Trinity's performance is significant, but only to keep pace with both the gaming industry and with Intel's new IvyBridge series of CPUs. The early benchmarks results confirm that Intel's new HD4000 integrated graphics provide respectable performance when matched against the top-of-the-line Trinity chip, the A10-4600M. The best versus the best are similar at this stage, but the HD4000 is only mated with the Core I7 CPUs. The I5 and the I3 IvyBridge chips are running the much slower HD2500.
And this is where AMD has its opportunity. The A8 and A6, while working with crippled versions of their Radeon 7000 series GPUs, are still running with the 7000 series cores. In the comparisons that have been shown to date, Trinity's image quality is far superior to that of Intel's. So, while frame rate benchmarks are important, user experience is not just bound up in the numbers.
Ultra Sleek Thinness
With Apple (AAPL) announcing the new MacBook Pro, using the Core-I7 IvyBridge solution with a Retina display, Intel has no worries about selling units of its new mobile chips. But, it is Intel's own competition to the MacBook Air, the Ultrabook, which may ultimately get squeezed in this next round of mobile computing. AMD's top end Ultrathin notebooks will be targeting a $899 price point, just $100 higher than where Intel's Ultrabooks will start.
Since Apple has decided to upscale its notebooks even further, starting at $1,199 and ranging up to $2,199, Intel's OEMs have a narrow window to price IvyBridge Ultrabooks and be attractive. AMD is looking to provide the market with a low power thin notebook that starts at $599. At that price differential, it should not be hard to get OEMs to embrace the design. The low end will not be Trinity APUs, but rather the updated E-Series, Brazos 2.0 ones that are extremely cheap to produce and provide very good margins.
Delay and Pray
AMD's problems stem from its past troubles owning and operating Global Foundries. Trinity is a product line that should have been out in late 2010, and not in the second quarter 2012. By divesting itself of that headache, it opens up its options for fabrication. At this point, products like Brazos 2.0 and even Trinity are delaying tactics - products designed to provide cash flow, while its engineers work overtime to catch up to their own roadmap. It will not be an easy path.

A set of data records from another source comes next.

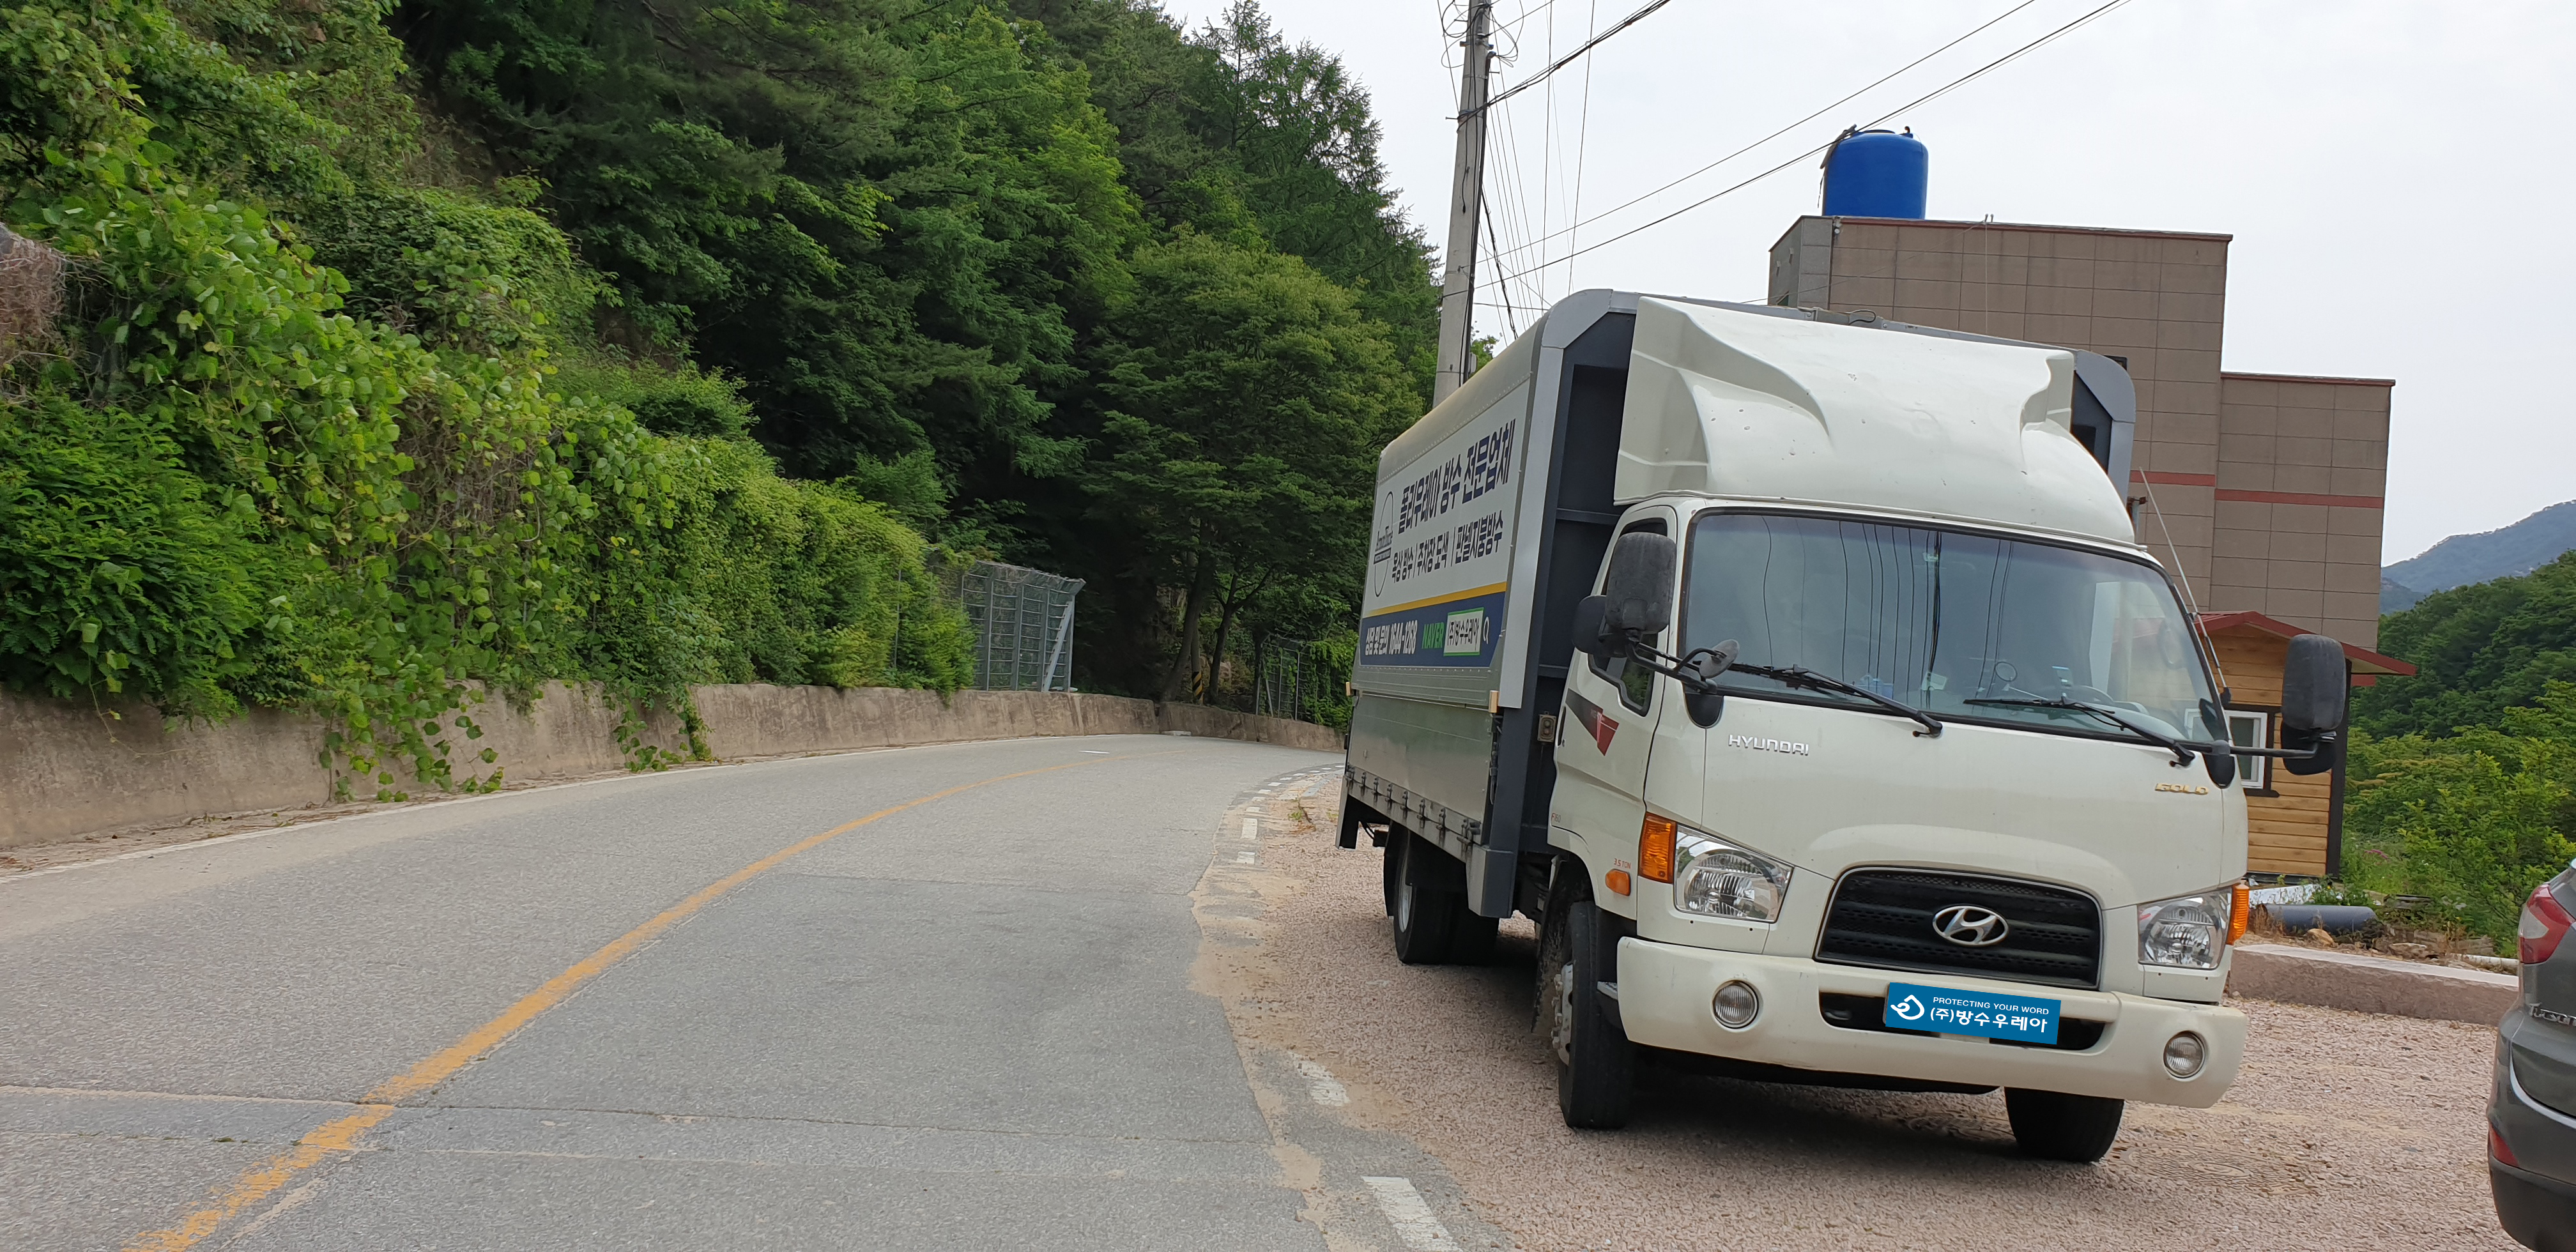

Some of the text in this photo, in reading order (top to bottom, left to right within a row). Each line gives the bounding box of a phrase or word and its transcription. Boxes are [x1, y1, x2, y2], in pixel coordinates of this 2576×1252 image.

[1399, 418, 1516, 535] 폴리우레아 방수 전문업체
[1392, 549, 1403, 583] 옥상
[1402, 547, 1413, 580] 방수
[1417, 537, 1436, 576] 주차장
[1434, 531, 1450, 570] 도색
[1455, 510, 1503, 565] 판넬지붕방수
[1365, 620, 1418, 655] 상담 및 문의 1644-1268
[1422, 622, 1445, 649] NAVER
[1446, 617, 1480, 652] (주)방수우레아
[1728, 734, 1809, 756] HYUNDAI

But, as long as the company is operationally profitable, as it was in Q1 and stay on course, it will have a niche in the market it can build on. The upcoming Windows 8 tablets and hybrid laptops running a low-power version of Trinity should come in at a much more attractive price to performance points than Intel's IvyBridge - allowing AMD some needed design wins in that space.
Those sales are needed to tide the company over until it can realize sales from its two major coups, providing the graphics engine for Nintendo's new Wii-U and the recently leaked specs for the Playstation 4, which will use the next generation APU in conjunction with a second discrete GPU. The Wii-U is due to go on sale in the fourth quarter, while the PS/4 is on tap for 2013. Rumors also abound that Microsoft (MSFT) will go AMD for the Xbox 720, but nothing has been confirmed.
Of course, buying the rumor is a dangerous way to invest. At this point, AMD is still a company in transition, looking to hold onto what it has, while focusing itself on a particular market niche - that of providing better gaming performance per dollar for the budget-minded consumer. This should play well in emerging markets like China and India. The first Trinity notebooks from Hewlett-Packard (HPQ) is going on sale in India very soon.